Classified Advert for Drape coat suit, 1970’s. ©Ted Polhemus/PYMCA

Classified Advert for Drape coat suit, 1970’s. ©Ted Polhemus/PYMCA

Snapshot surveillance by photographer and writer, Hartnett.

DRESSING-UP GAMES

Yet another Vintage event on the horizon.

Ready for a cupcake, darling?

Vintage Glasgow
Merchant City Festival 
26th & 27th July, 2014

vintagefestival.co.uk

Seeking a day of Tweed Run types and barely legal boys in uniforms? Girls who just wanna have fun, as they jive to vinyl, the way their grans once did?

Perhaps it’s high time for an assessment and evaluation of all things retro, as quite a song and dance has been made over revival events in recent years. Has the so-called trend well ‘n’ truly peaked? Are such herding events relevant, or just a corporate / municipal cash-in? You know, under the umbrella of regeneration ‘n’ all that.

A crackly telephone line. West Yorkshire to West London.
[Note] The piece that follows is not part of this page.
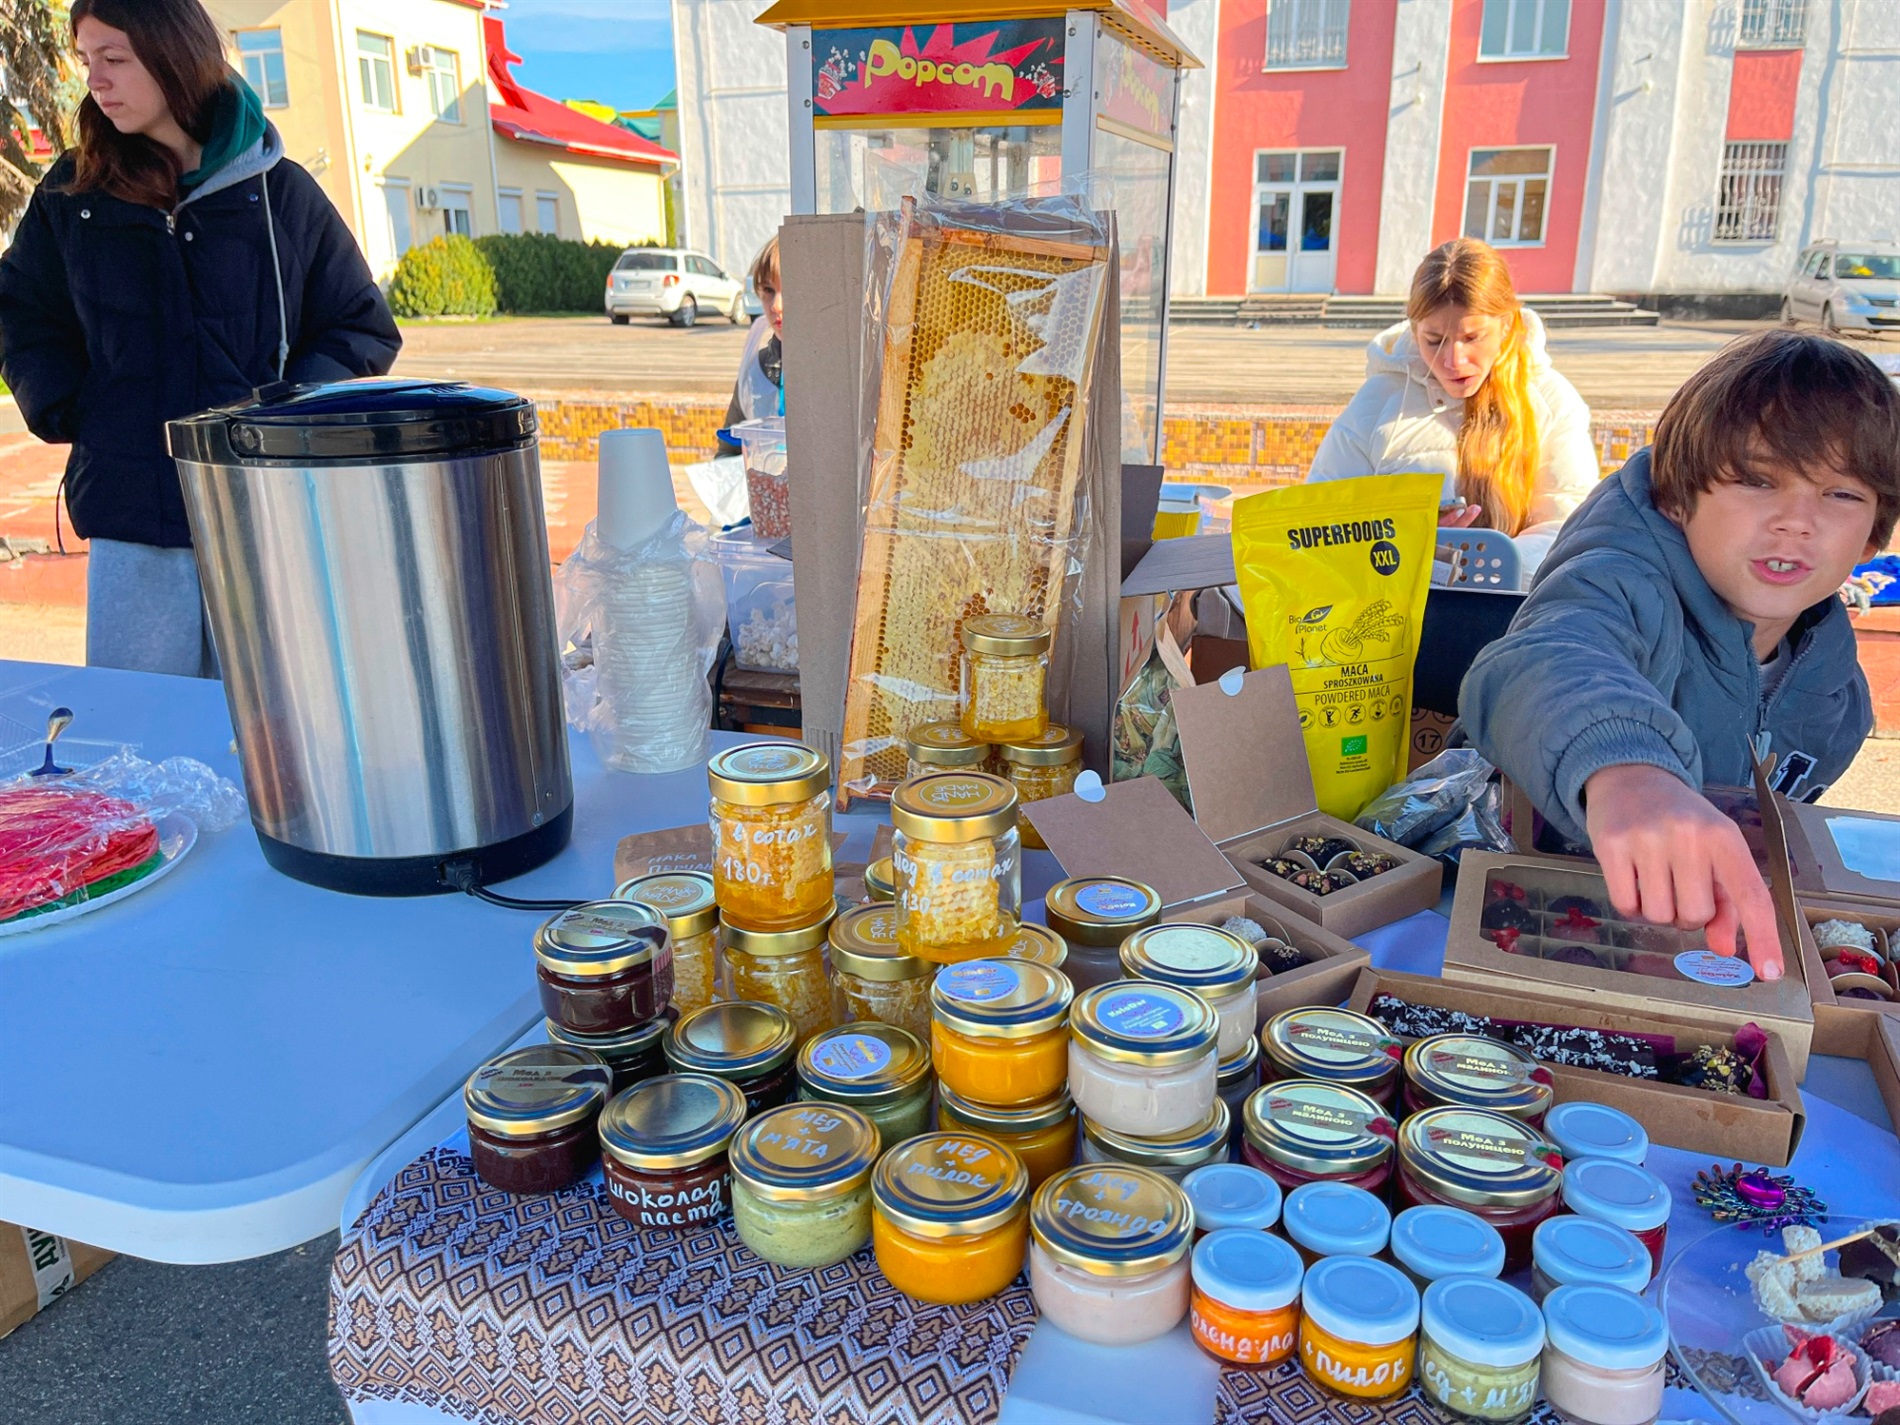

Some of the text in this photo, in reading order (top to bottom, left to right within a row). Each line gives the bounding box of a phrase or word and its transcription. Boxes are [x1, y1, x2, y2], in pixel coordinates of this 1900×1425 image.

Wayne Hemingway, designer and founder of The Vintage Festival, picks up.

A question is popped. ‘What can young people learn from all things vintage?’

'Vintage is about individuality, sustainability, design that lasts. Vintage reflects an appreciation of work that is classic, not temporary. Young people can learn so much from retro, styles that've stood the test of time.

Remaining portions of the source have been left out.